Monday, 8 March 2010

A possible link to 34 Albury St & Lord Nelson?


It has been handed down to successive occupants that Lord Nelson stayed at No. 34 Albury Street. Whilst researching this claim I discovered the following information regarding the connection of Lord Nelson and this property:
In 1913 the Deptford Fund Hospital for Sick Children was founded by Her Royal Highness, Princess Alice, the Countess of Athlone, (The Duchess of Albany's daughter). Two houses were purchased 34-36 Albury Street, (photo No. 36 Albury Atreet) just behind the Albany Institute. The hospital was to provide treatment for babies of Deptford and Greenwich area who were not eligible for treatment at other hospitals. In 1930 the whole building was flooded during a bad storm and the babies were hastily rescued from the building and taken into the institute.

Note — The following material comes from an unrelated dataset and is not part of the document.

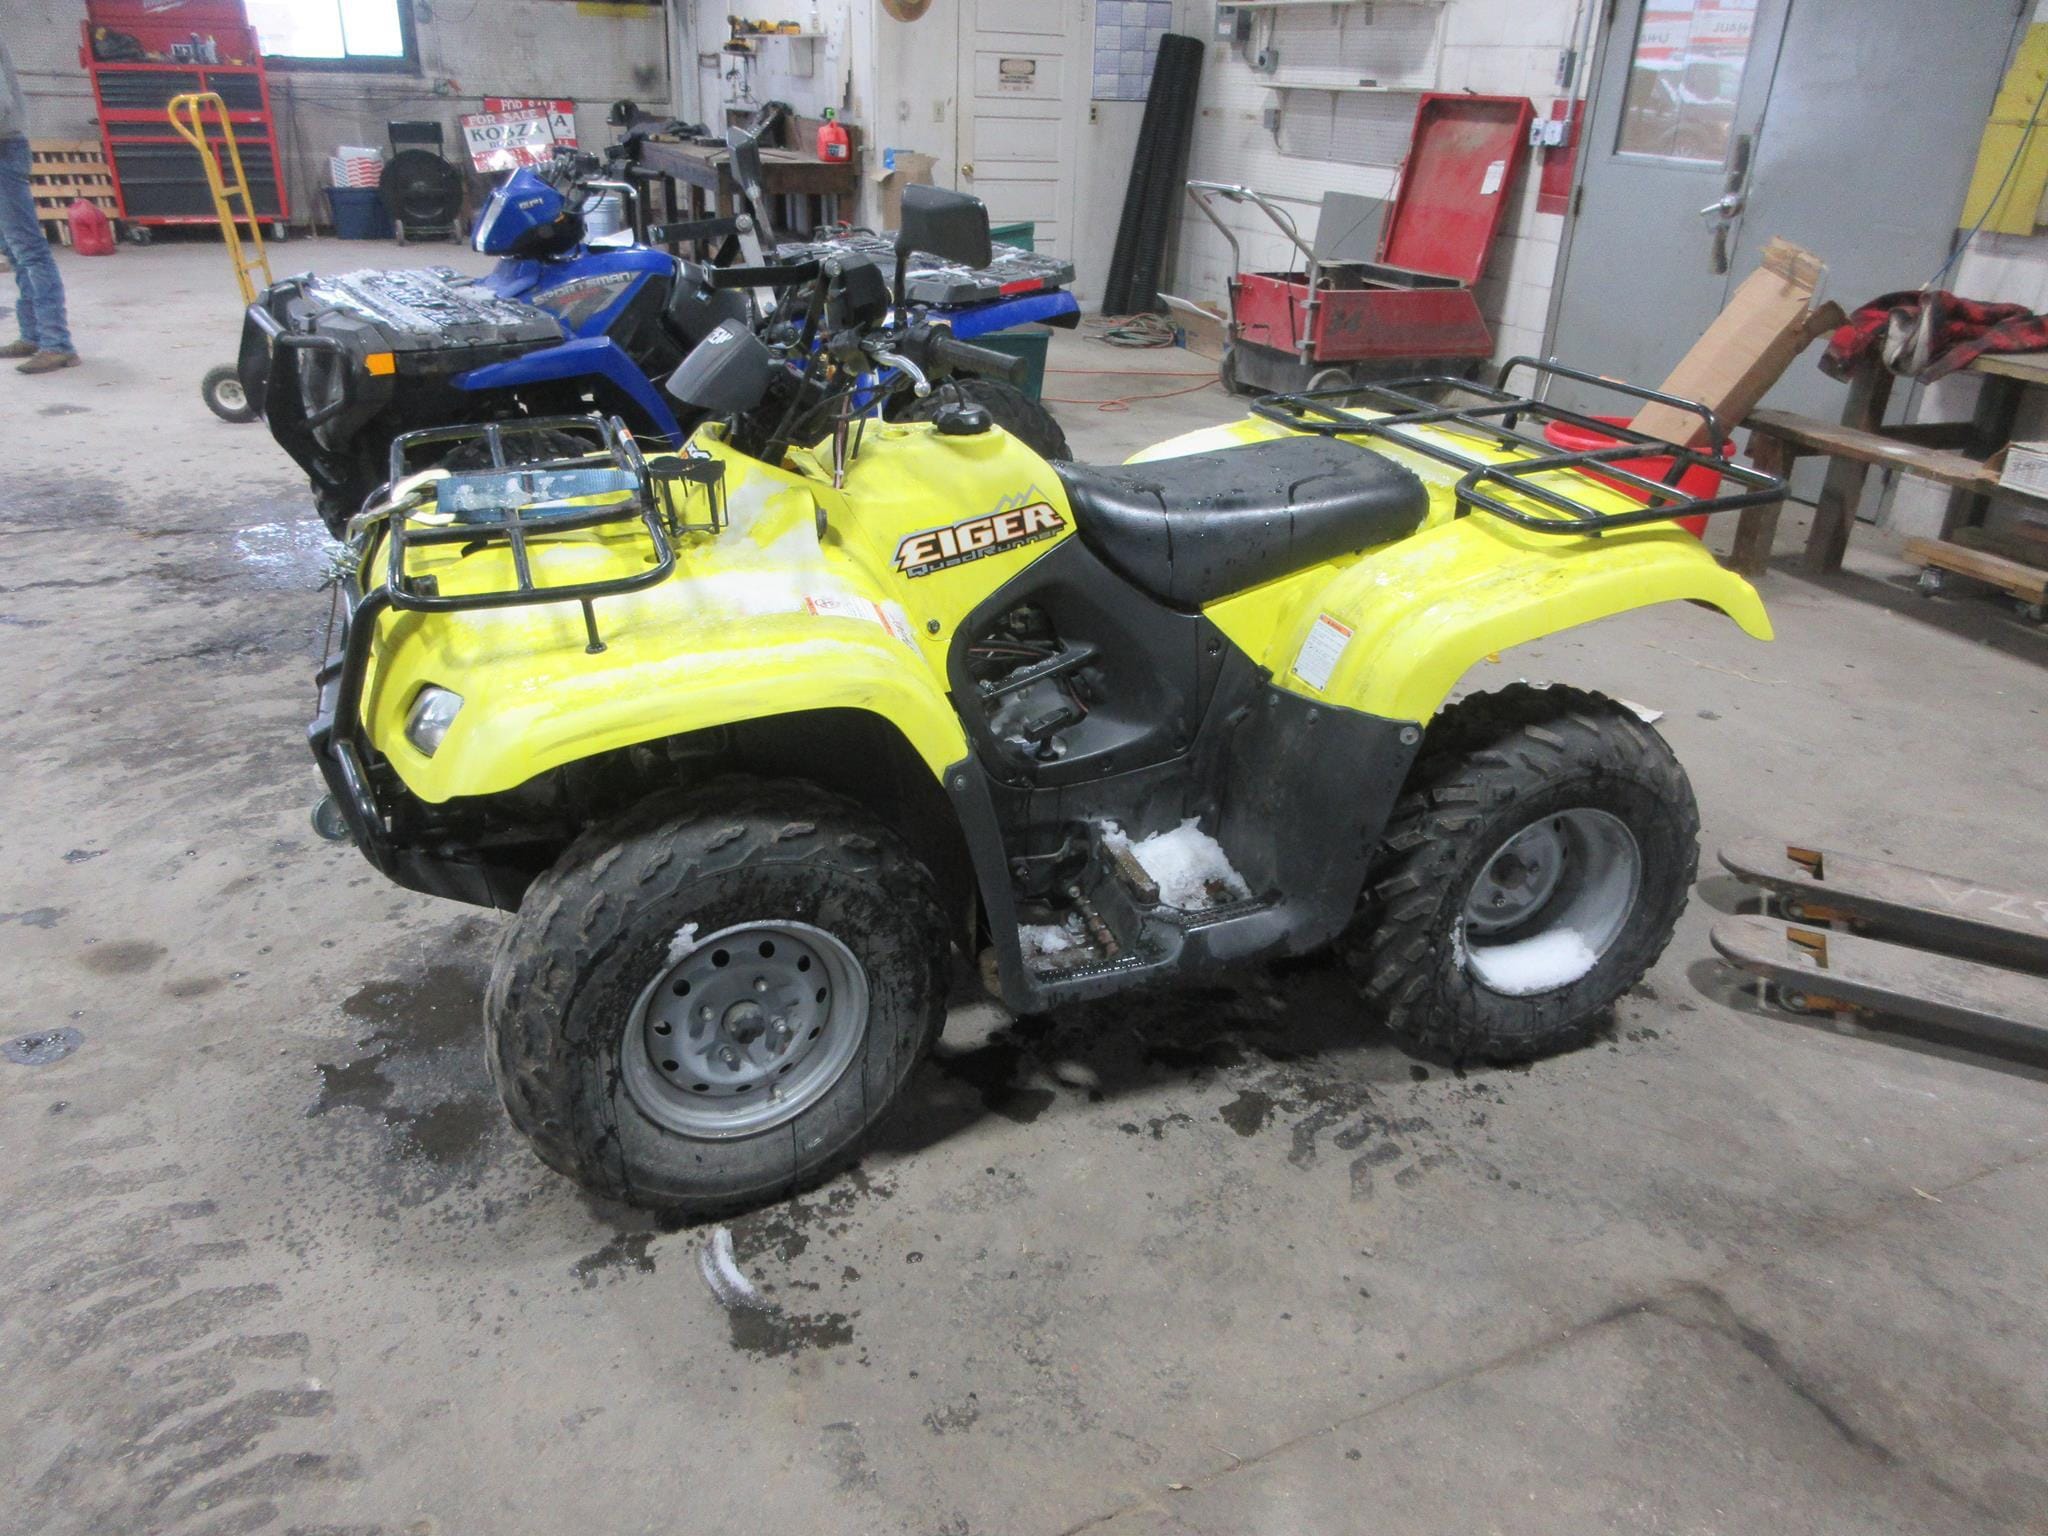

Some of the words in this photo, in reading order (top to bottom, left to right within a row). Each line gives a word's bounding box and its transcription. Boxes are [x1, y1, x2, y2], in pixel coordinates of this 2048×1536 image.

[469, 114, 496, 126] FOR
[502, 108, 538, 122] SALE
[898, 503, 1066, 571] EIGER

When they returned to the hospital, the top storey of the houses had to remain empty due to a lack of money to repair the storm damaged roof. Because of this in 1932 the Albany institute was forced to sell the houses together with, and I quote, "Nelson Relics". It appears that Nelson may have stayed at the house at times during the last 5 years of his life. To raise as much money as they could the Albany Institute sold the relics namely, the rear door of the property which was reported as being the Hatch Door from HMS Victory and a chain from the front door which it was said came from Nelson's own locker on the same ship. The Deptford Fund contemplated building a new hospital not far from the two houses near the institute but the authorities viewed the area as undesirable and said they would be far more readier to give financial help if the new hospital was built on a higher and healthier site within the borough. In 1933 the Deptford Fund Babies Hospital moved from Albury Street to 25 Breakspears Road Brockley.


THE HOSPITAL WORLD.
Princess Alice Countess of Athlone has presented a site to the Deptford Fund for the purpose of extending the Hospital for Sick Babies. The gift is to serve the dual purpose .of commemorating Princess Alice's silver wedding and the foundation of the fund by her mother, the late Duchess of Albany.

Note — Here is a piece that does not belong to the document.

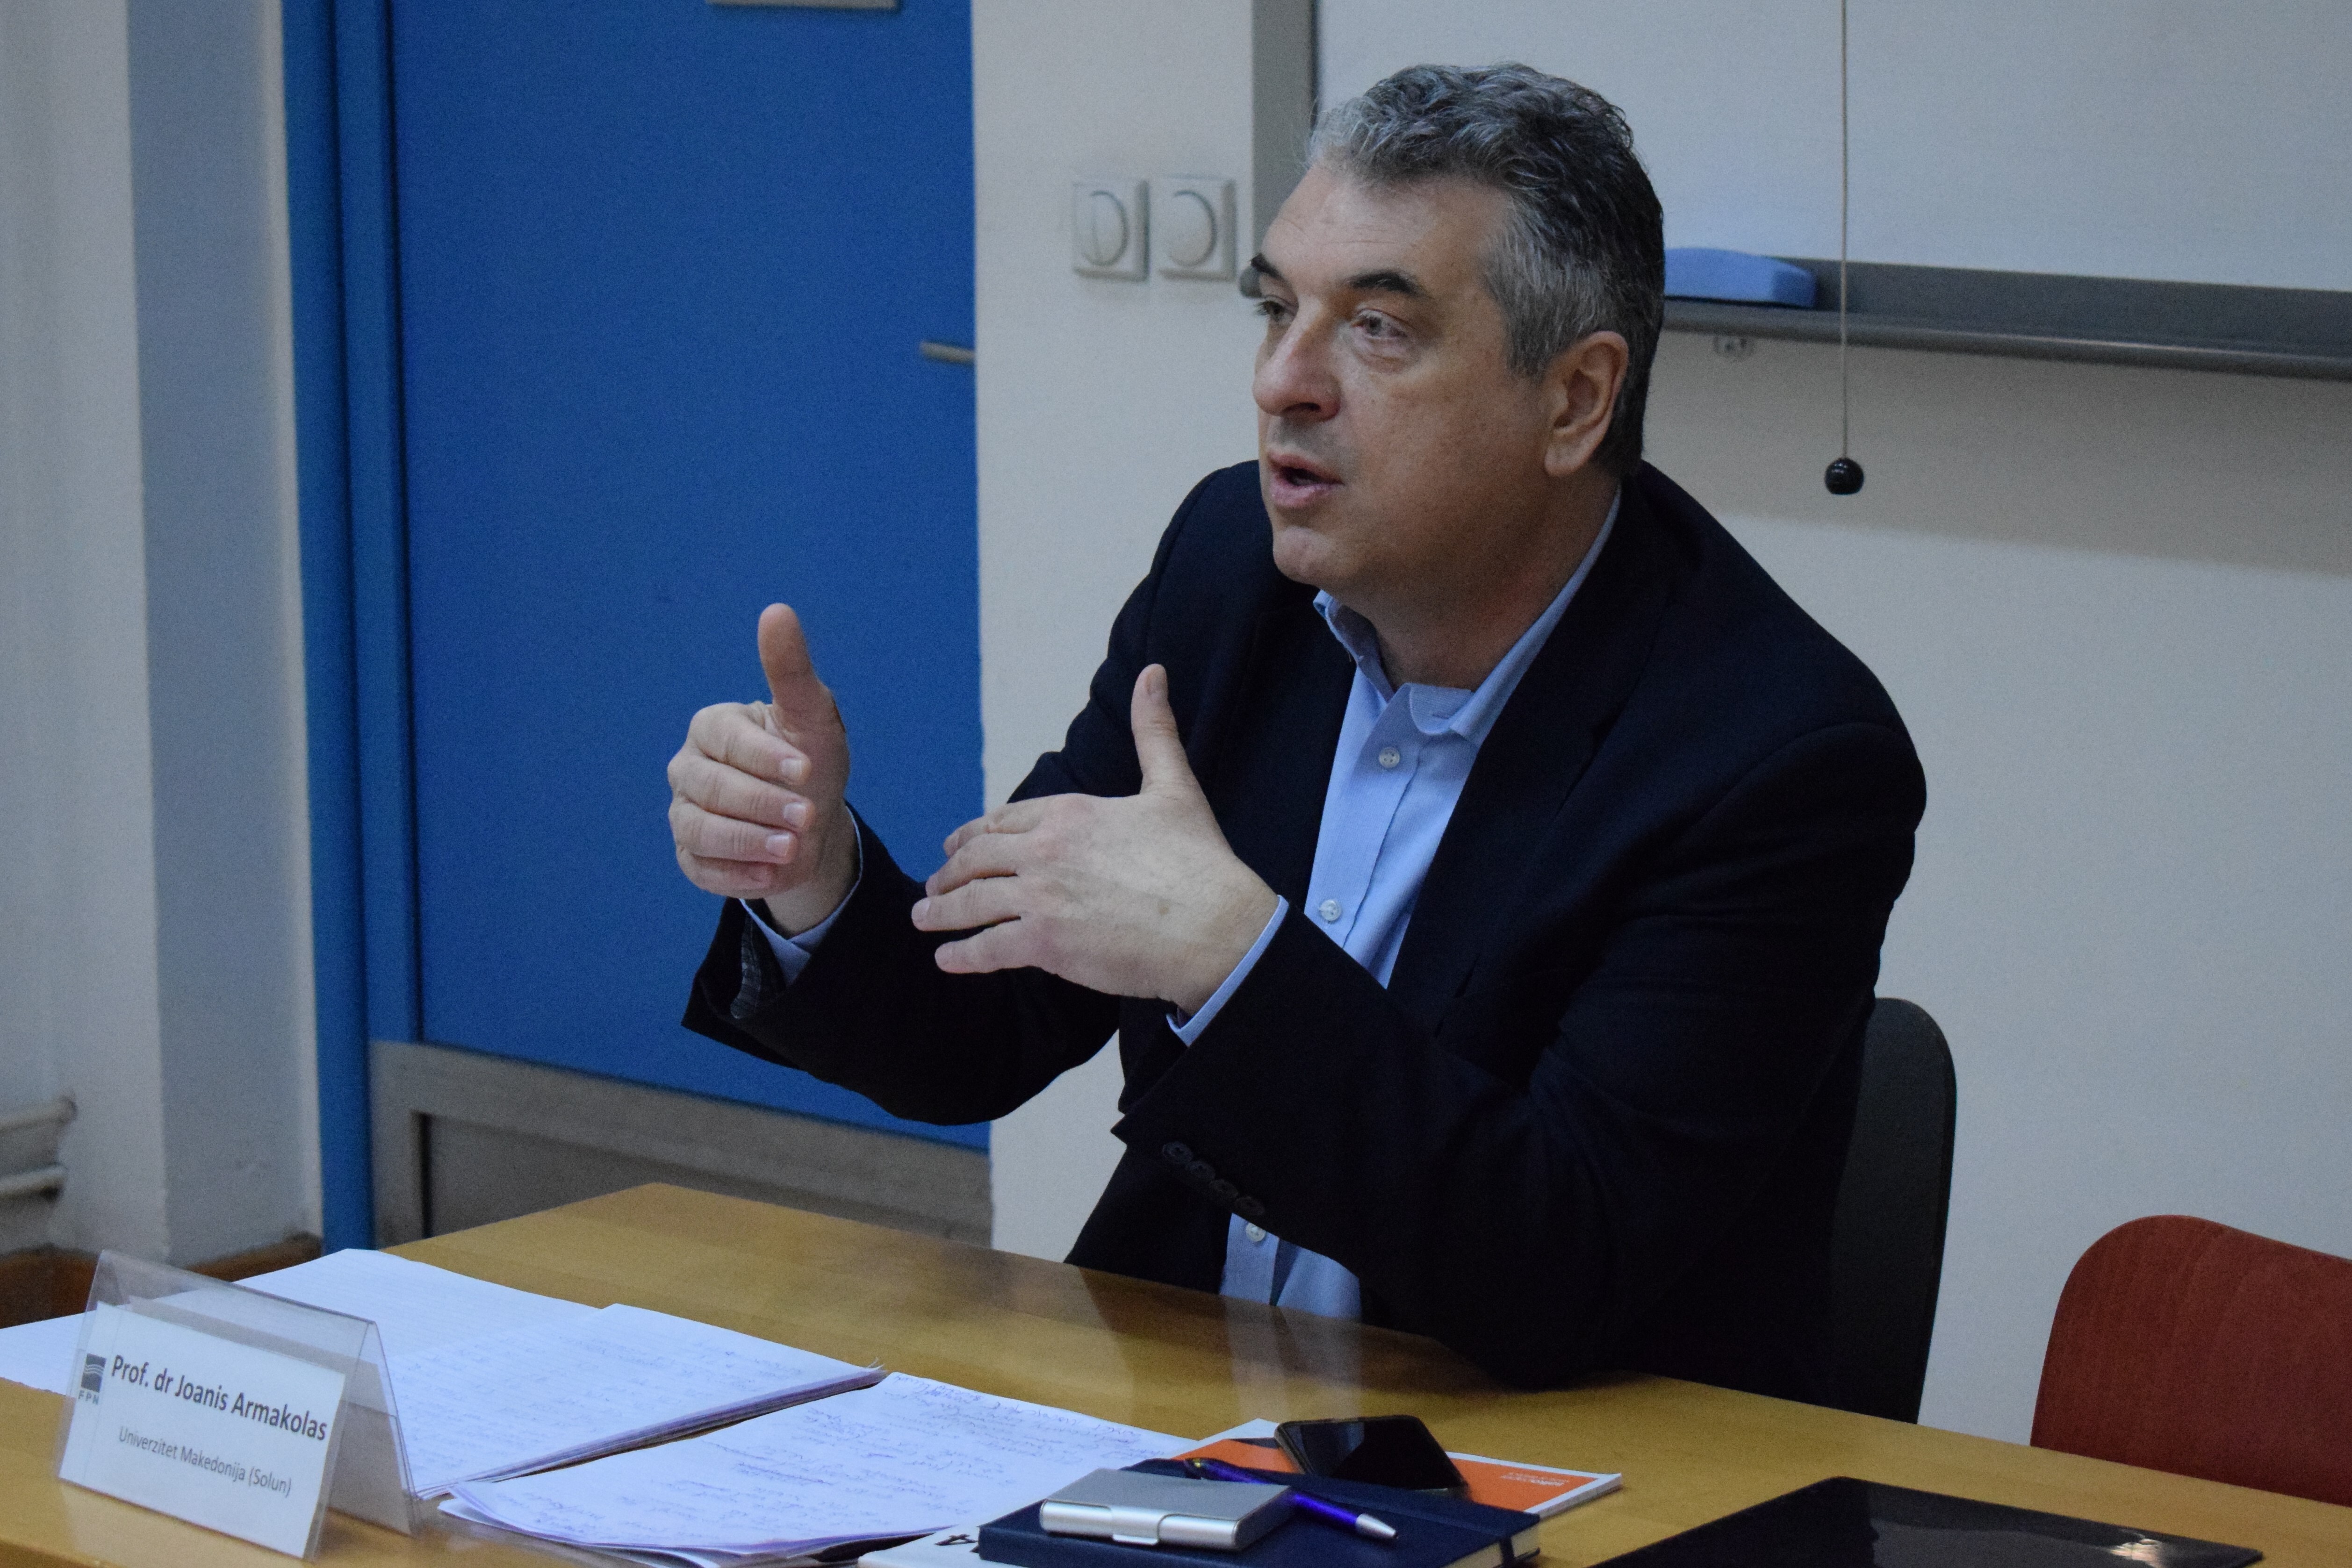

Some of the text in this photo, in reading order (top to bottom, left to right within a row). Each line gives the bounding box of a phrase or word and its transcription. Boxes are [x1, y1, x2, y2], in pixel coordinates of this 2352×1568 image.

[78, 1389, 99, 1405] FPN
[111, 1354, 327, 1441] Prof. dr Joanis Armakolas
[119, 1426, 292, 1498] Univerzitet Makedonija (Solun)

Source: My thanks to the Lewisham Local Studies and Archives



Thursday, 11 February 2010

Cellars & Tunnels under Deptford.

In the early part of 1978 a survey was carried out at the request of Nolans Clothes Shop, No 127, by the proprietor Mrs Order. The purpose was to examine alleged tunnels under the shop which ran east to deptford Creek, or a Pub, or the place of Nelson's assignations with Lady Hamilton in Albury Street. A trap door at the front of the shop gives access to a series of cellars under the whole building, some of which were blocked and one which had a barreled roof and could be the begining of a tunnel leading directly under the street.It was described as being about 6ft high, with a stone rubble floor. There was a rectangular manhole leading to sewers beneath which were said to flood. The tunnel terminated in a brick wall at approximately the edge of the outside pavement. The bricks were of mixed stock and red bricks, with no obvious signs of great age, and were probably contempoary with the building which seemed from map and visual evidence to be c. 1844-50, contempoary with the adjacent Catholic church. It was noted  there was nothing on site on the 1844 tithe map but earlier maps 1800-33 may show buildings but were to small a scale to be confirmed with any certainty. There was a similar tunnel which had been blocked more recently and was said to lead from the indentical adjacent shop. It was discovered to have been blocked by the owners of the shops across the street. The tunnel at No 127 seemed to be an extention of the cellars, and without pulling the wall down, there was no evidence of it going any further other than the edge of the pavement. If it did originally cross the street it would presumably join the cellars of the opposite shops. Does anyone know of underground tunnels in Deptford?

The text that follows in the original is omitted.